Each record that follows is to be duplicated exactly, though its pictures are not.
----- Available records -----
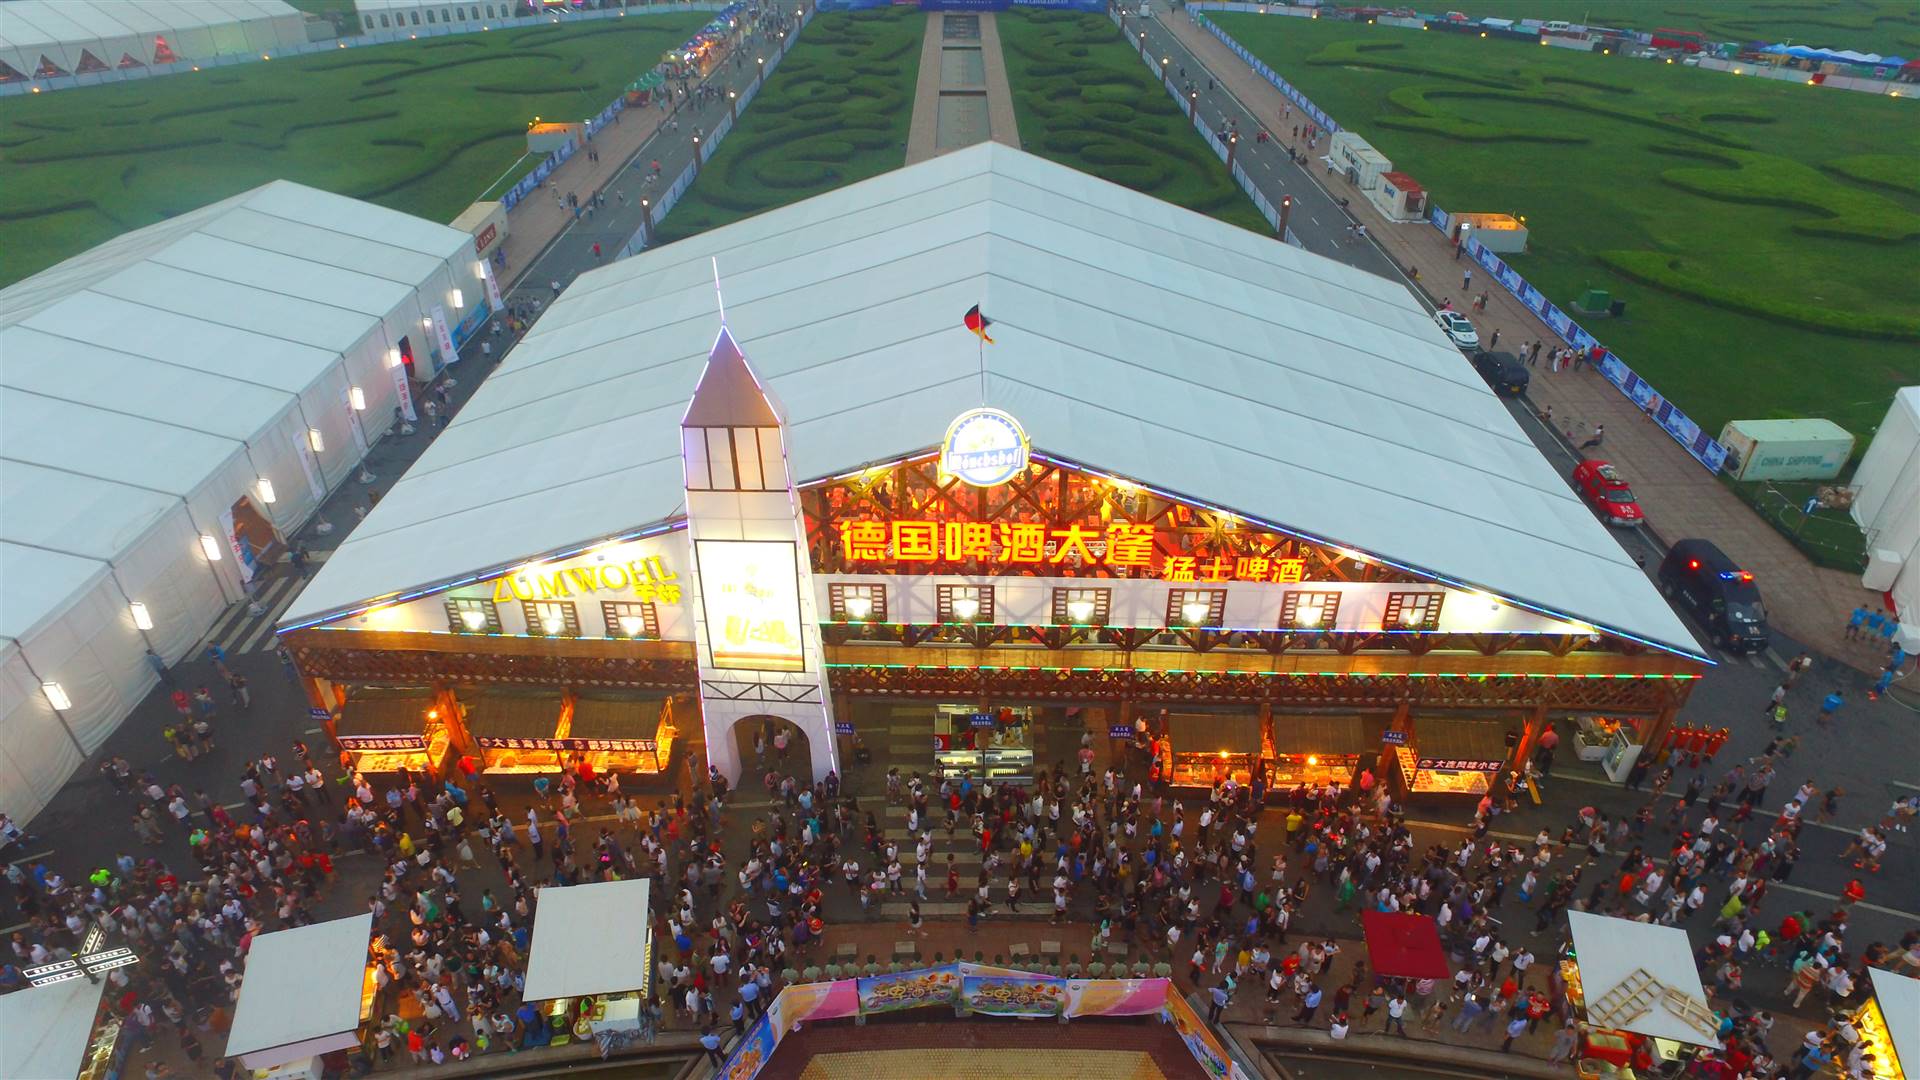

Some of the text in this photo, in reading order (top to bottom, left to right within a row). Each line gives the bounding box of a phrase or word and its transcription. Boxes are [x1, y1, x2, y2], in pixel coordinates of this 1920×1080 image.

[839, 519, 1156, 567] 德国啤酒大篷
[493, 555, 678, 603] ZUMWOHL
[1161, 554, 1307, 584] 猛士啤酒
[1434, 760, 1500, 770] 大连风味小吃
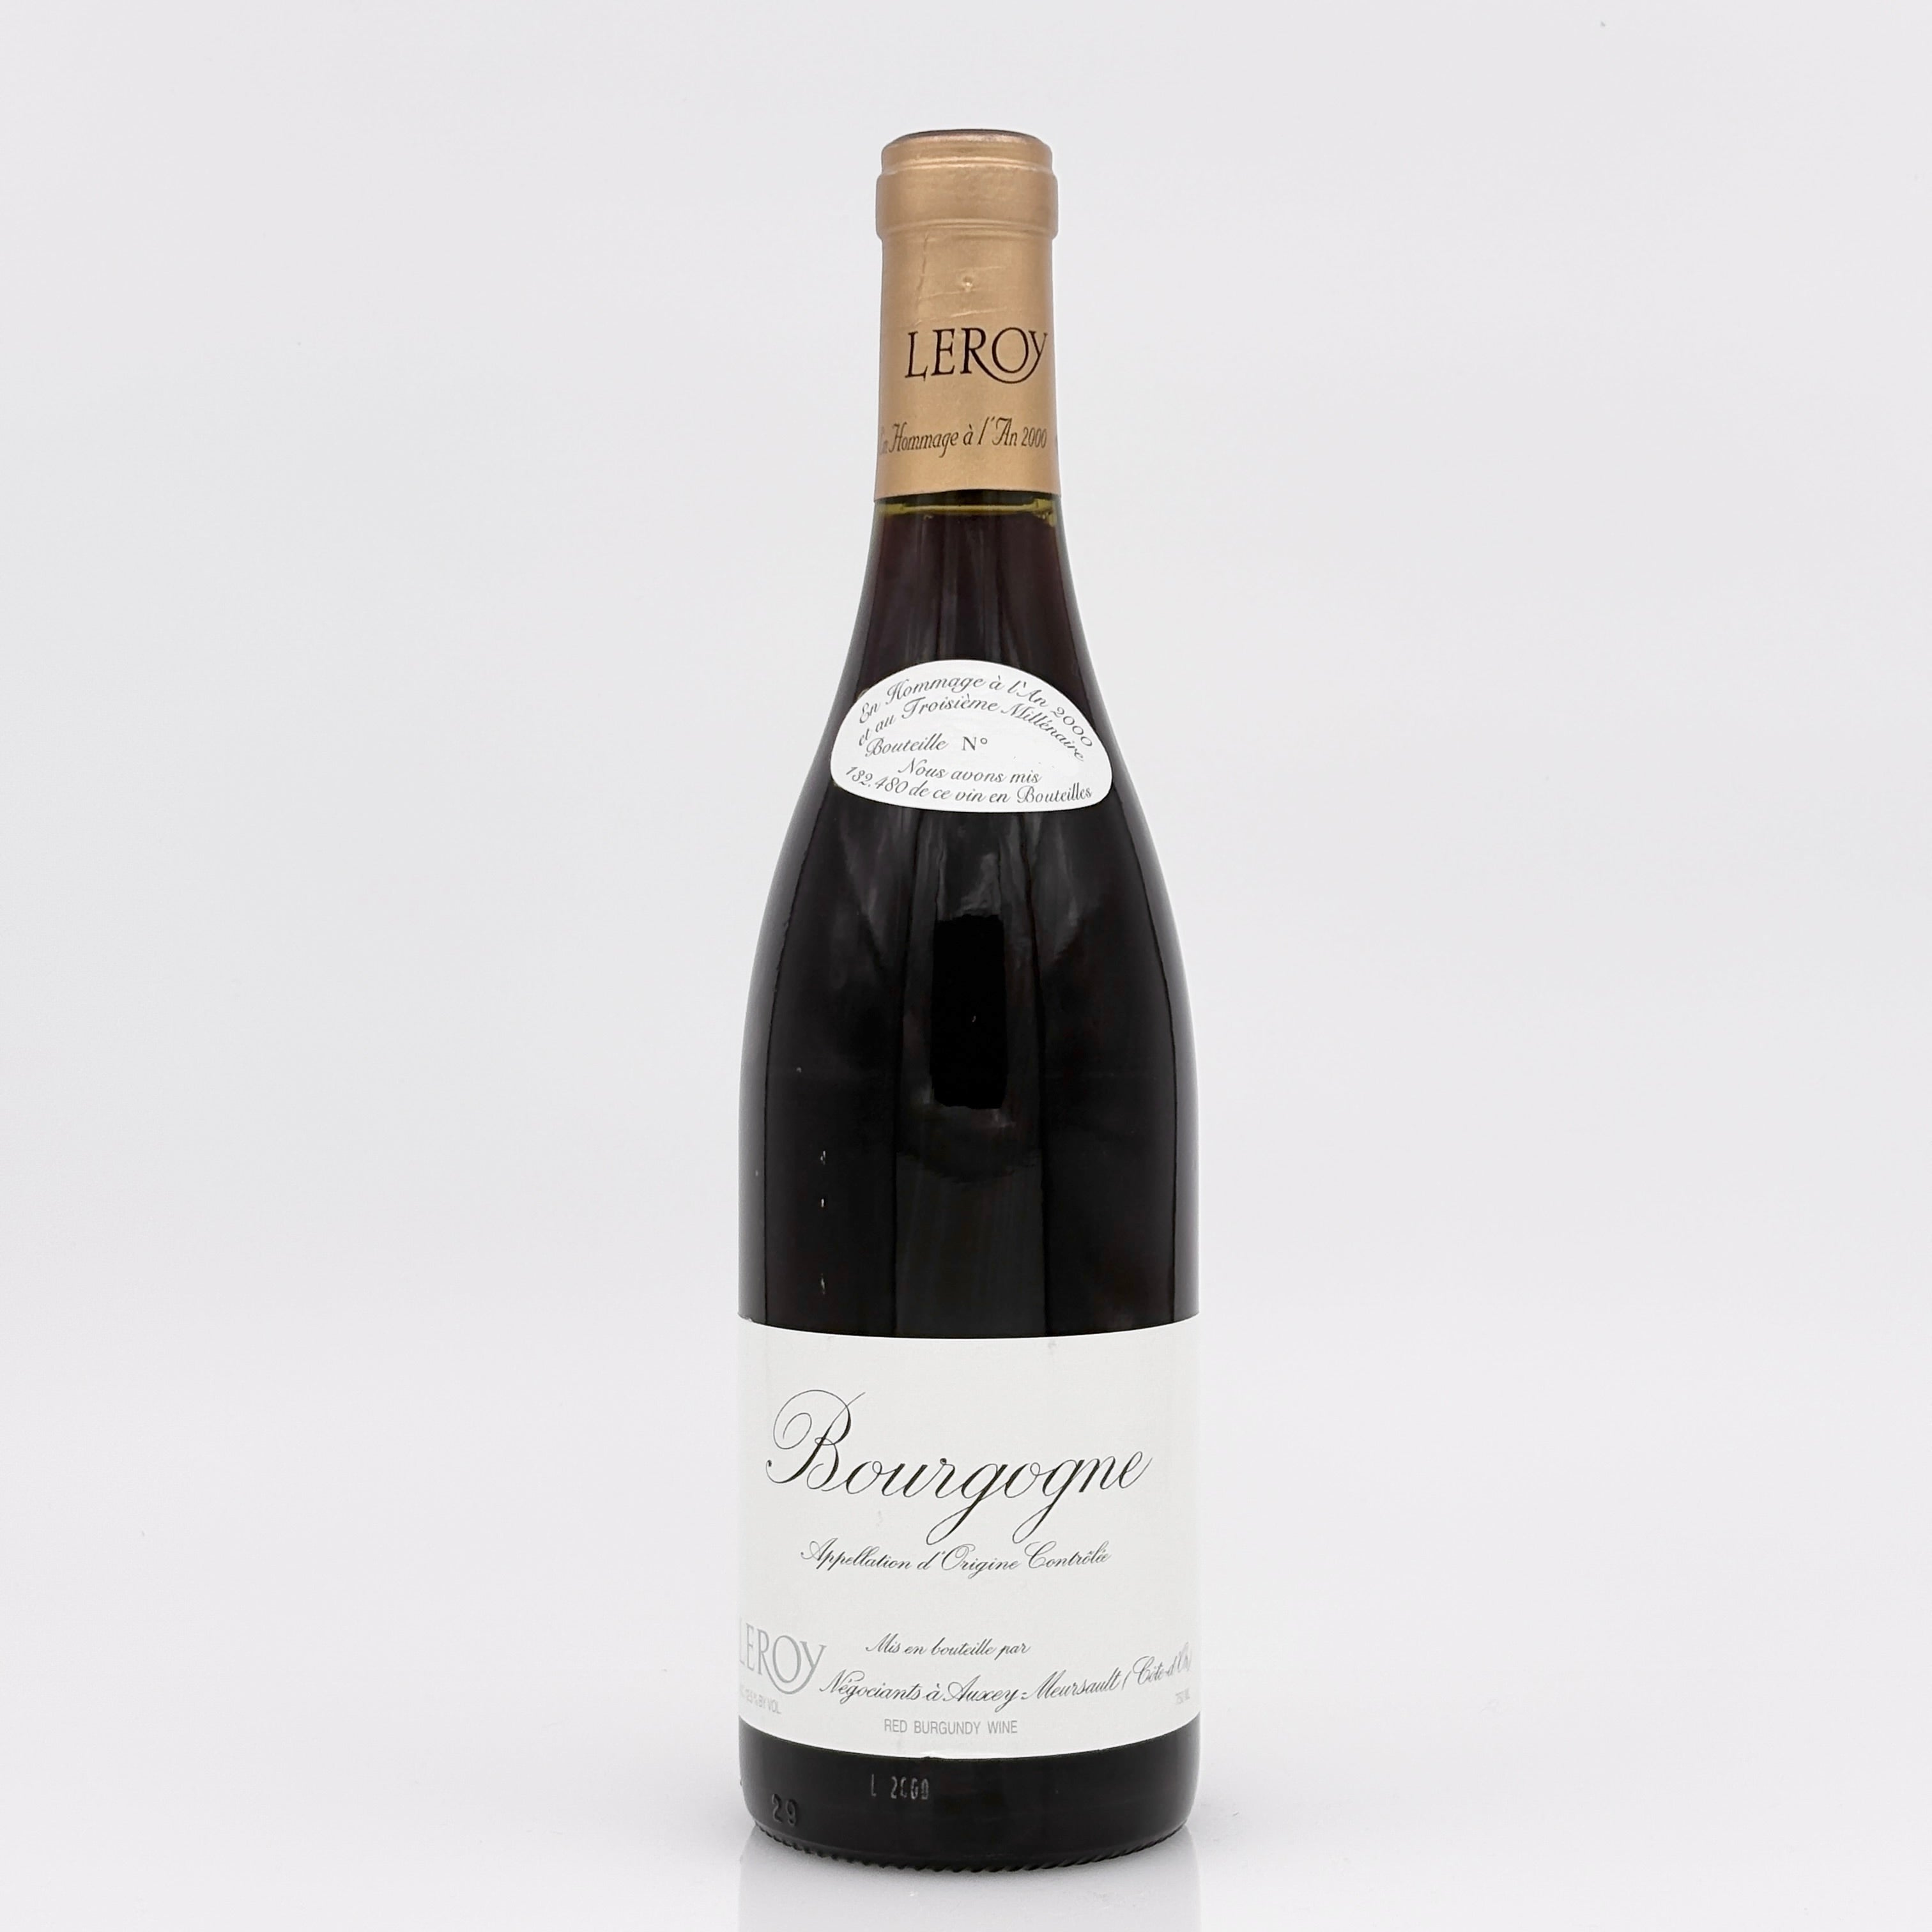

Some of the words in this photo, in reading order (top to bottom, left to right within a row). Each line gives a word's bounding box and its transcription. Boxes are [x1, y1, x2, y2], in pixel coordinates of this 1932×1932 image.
-----
| Your response |
Some of the text in this photo, in reading order (top to bottom, left to right within a row). Each line gives the bounding box of a phrase or word and its transcription. Boxes are [x1, y1, x2, y2], in pixel coordinates of this 1920×1080 image.

[839, 519, 1156, 567] 德国啤酒大篷
[493, 555, 678, 603] ZUMWOHL
[1161, 554, 1307, 584] 猛士啤酒
[1434, 760, 1500, 770] 大连风味小吃

Some of the words in this photo, in reading order (top to bottom, left to right within a row). Each line gives a word's bounding box and its transcription. Boxes are [x1, y1, x2, y2], in pixel coordinates of this 1932×1932 image.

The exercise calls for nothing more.